As the UCP drafters have often mentioned, UCP Articles cannot be read in isolation. For
UCP purposes, to be considered an NB, an NB must also have mailed documents
onwards, in accordance with Article 7 c: “forwarded the documents to the issuing bank”
and Article15 c.: “When a nominated bank determines that a presentation is complying
and honours or negotiates, it must forward the documents to the confirming bank or
issuing bank”.
In UCP 600 Articles 7 c. and 8 c. we learn that an issuer’s and/or confirmer’s undertaking
to “reimburse a nominated bank is independent of the issuing (or confirming) bank's
undertaking to the beneficiary.” This statement, while apparently meant for legal
professionals, reflects that an issuer/confirmer must understand that the NB that has
negotiated has legal rights over and above any beneficiary’s rights. This is especially
relevant in case of a fraudulent underlying transaction.

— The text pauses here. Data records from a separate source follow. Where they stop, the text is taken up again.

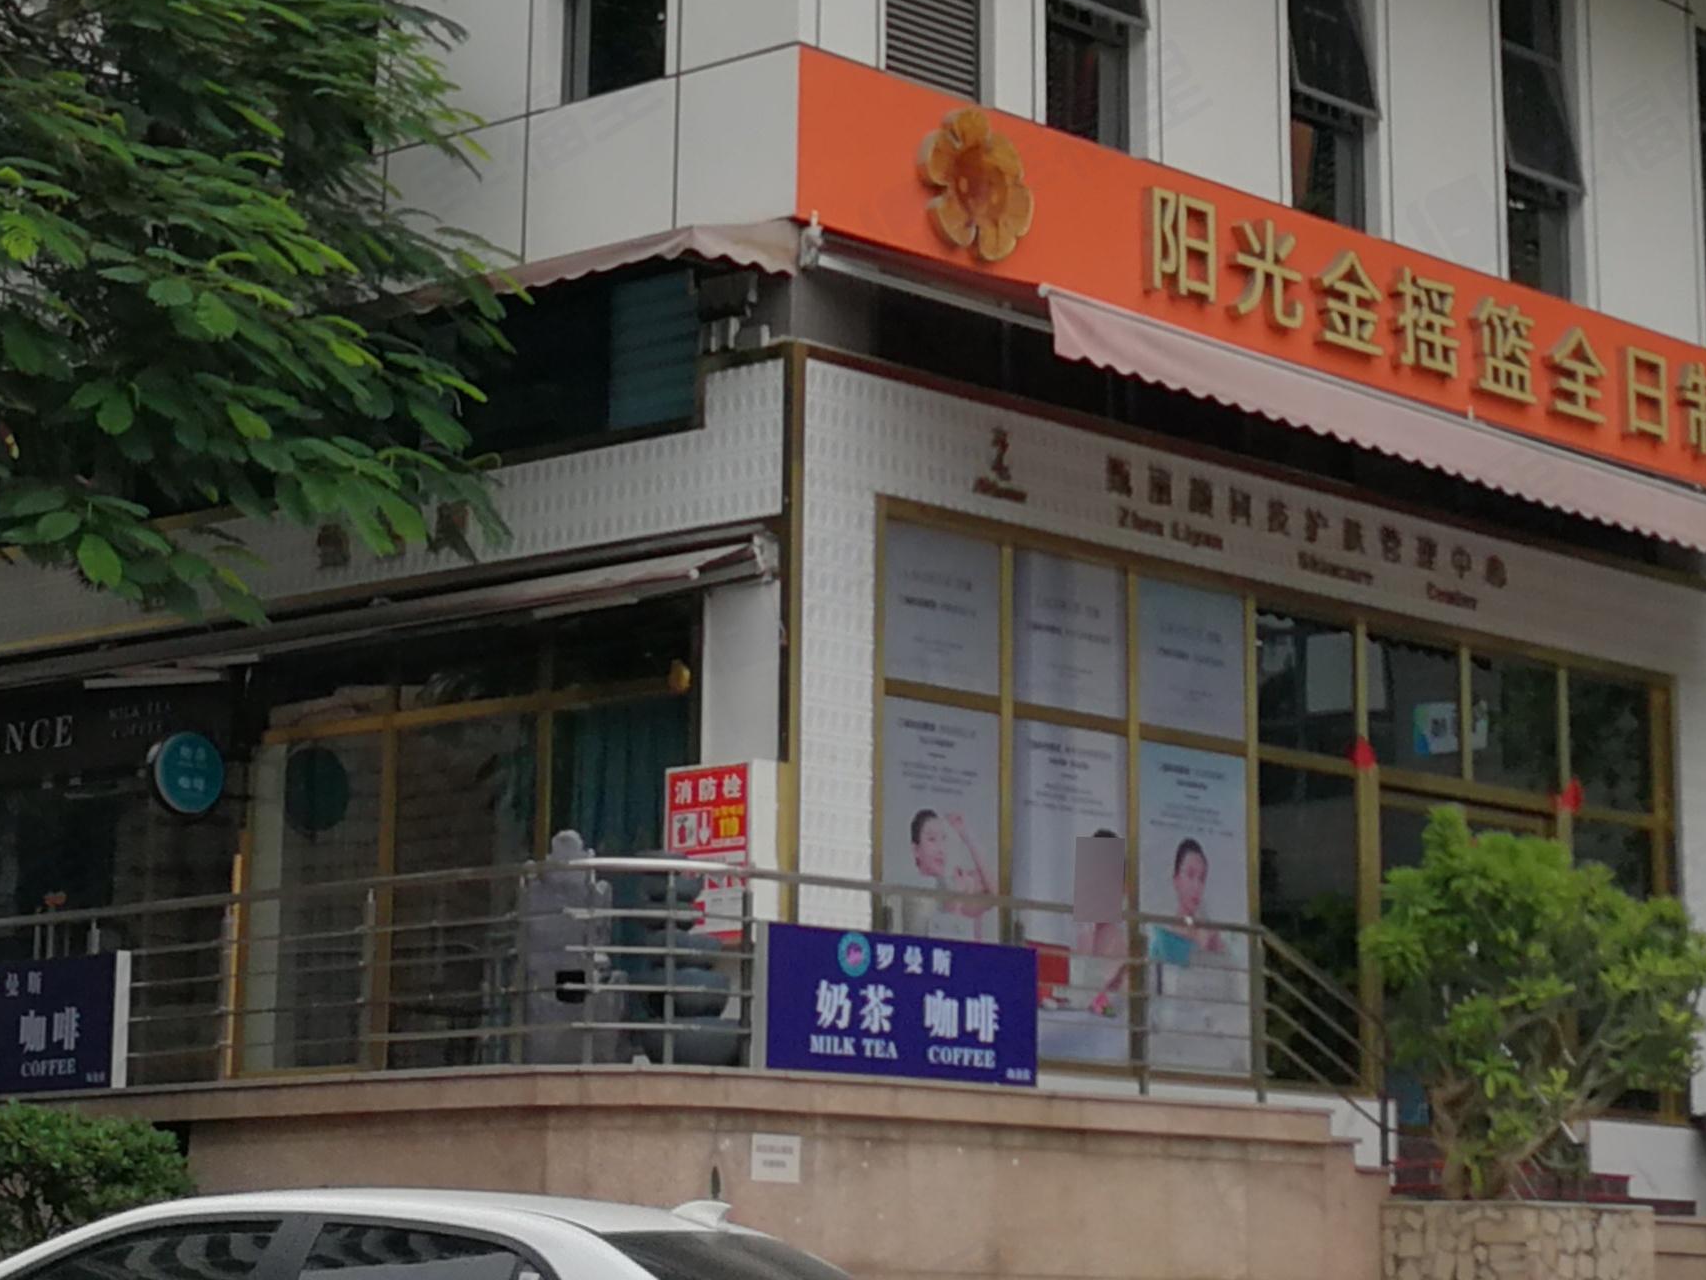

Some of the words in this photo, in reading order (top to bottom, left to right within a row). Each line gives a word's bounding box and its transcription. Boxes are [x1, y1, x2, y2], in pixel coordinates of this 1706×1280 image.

[674, 772, 743, 805] 消防栓
[874, 942, 954, 978] 罗曼斯
[815, 978, 896, 1035] 奶茶
[922, 988, 1000, 1043] 咖啡
[18, 1005, 81, 1054] 咖啡
[20, 1057, 77, 1079] COFFEE
[809, 1034, 857, 1056] MILK
[862, 1038, 899, 1060] TEA
[926, 1045, 997, 1069] COFFEE

UCP Article 12 c. clarifies that mere document examination and mailing of documents is
not honour or negotiation. “(12 c. Receipt or examination and forwarding of documents
by a nominated bank that is not a confirming bank does not make that nominated bank
liable to honour or negotiate, nor does it constitute honour or negotiation.)”. Performing
only these actions, without making a payment or committing to make a payment at a
fixed future date, would make a nominated bank a “presenting bank”. A presenting bank
has no right to reimbursement under an LC as referred to in Article 7 “c. An issuing bank
undertakes to reimburse a nominated bank that has honoured or negotiated a complying
presentation and forwarded the documents to the issuing bank.”

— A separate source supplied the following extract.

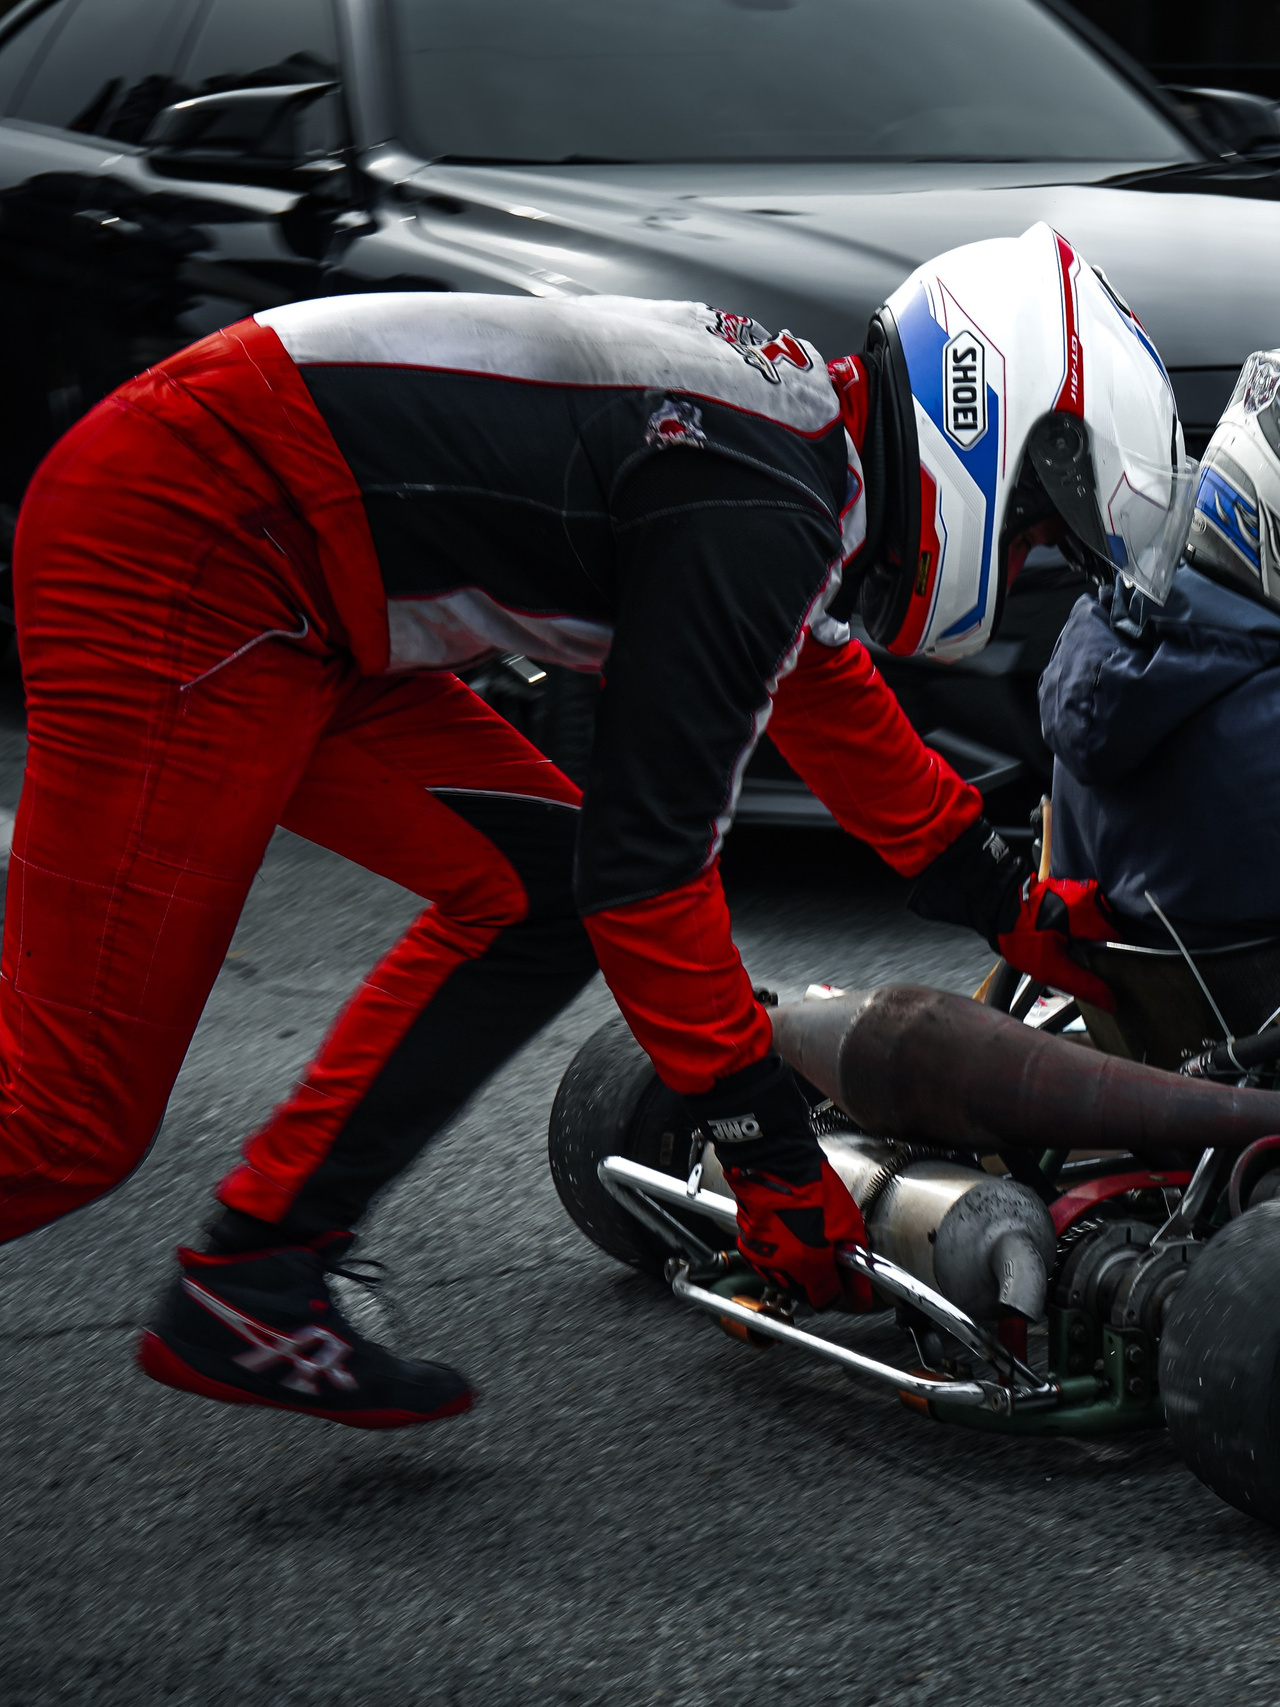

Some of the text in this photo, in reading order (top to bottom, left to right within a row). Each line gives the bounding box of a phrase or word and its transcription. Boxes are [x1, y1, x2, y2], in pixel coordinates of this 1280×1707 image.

[952, 346, 978, 431] SHOEI
[1071, 334, 1079, 405] GT-Air
[712, 1117, 760, 1140] OMP

Article 12 a, states that: “a. Unless a nominated bank is the confirming bank, an
authorization to honour or negotiate does not impose any obligation on that nominated
bank to honour or negotiate, except when expressly agreed to by that nominated bank and
so communicated to the beneficiary”.
This imposes that a duty for a confirming bank to negotiate “without recourse” while a
NB that has not confirmed an LC has no duty whatsoever to honour or negotiate
documents unless they agree to do so and it is customary to have a written negotiation
agreement.
Article 8, which refers to the duties and obligations of a confirming bank, states in part,
in subsection e. that: “ii. negotiate, without recourse, if the credit is available by
negotiation with the confirming bank.” This confirms that a confirming bank must
negotiate “without recourse” to the beneficiary. In all other cases, where an NB has
negotiated, but has no written recourse agreement with the beneficiary, then depending
on applicable law the NB may or may not have recourse.
For informational purposes, I am forwarding an excerpt from a UCP 500 opinion from
which the UCP 600 drafters gained inspiration for the current definition of negotiation.
“From Unpublished Opinion TA569
A letter of credit that is stated to be available with a nominated bank, by negotiation,
should not include any reference to claiming reimbursement from a reimbursing bank or,
indeed, any reference to the debiting of the issuing bank's account held with the
nominated bank. This form of structure is a payment letter of credit. A negotiation letter
of credit should specify that the nominated bank is to send the documents to the issuing
bank and, upon the issuing bank's ascertaining that it complies with the terms and
conditions of the credit, the issuing bank will reimburse in accordance with the
instructions of the negotiating bank.
Meanwhile, the laws in most countries define "negotiation" as giving money or similar
value, leading to a conflict in definitions. (This becomes important in situations involving
fraud, negotiable instruments, and holder-in-due-course.) The new definition conforms
better with most legal definitions, while avoiding use of the term "giving value," which
many bankers found especially confusing.”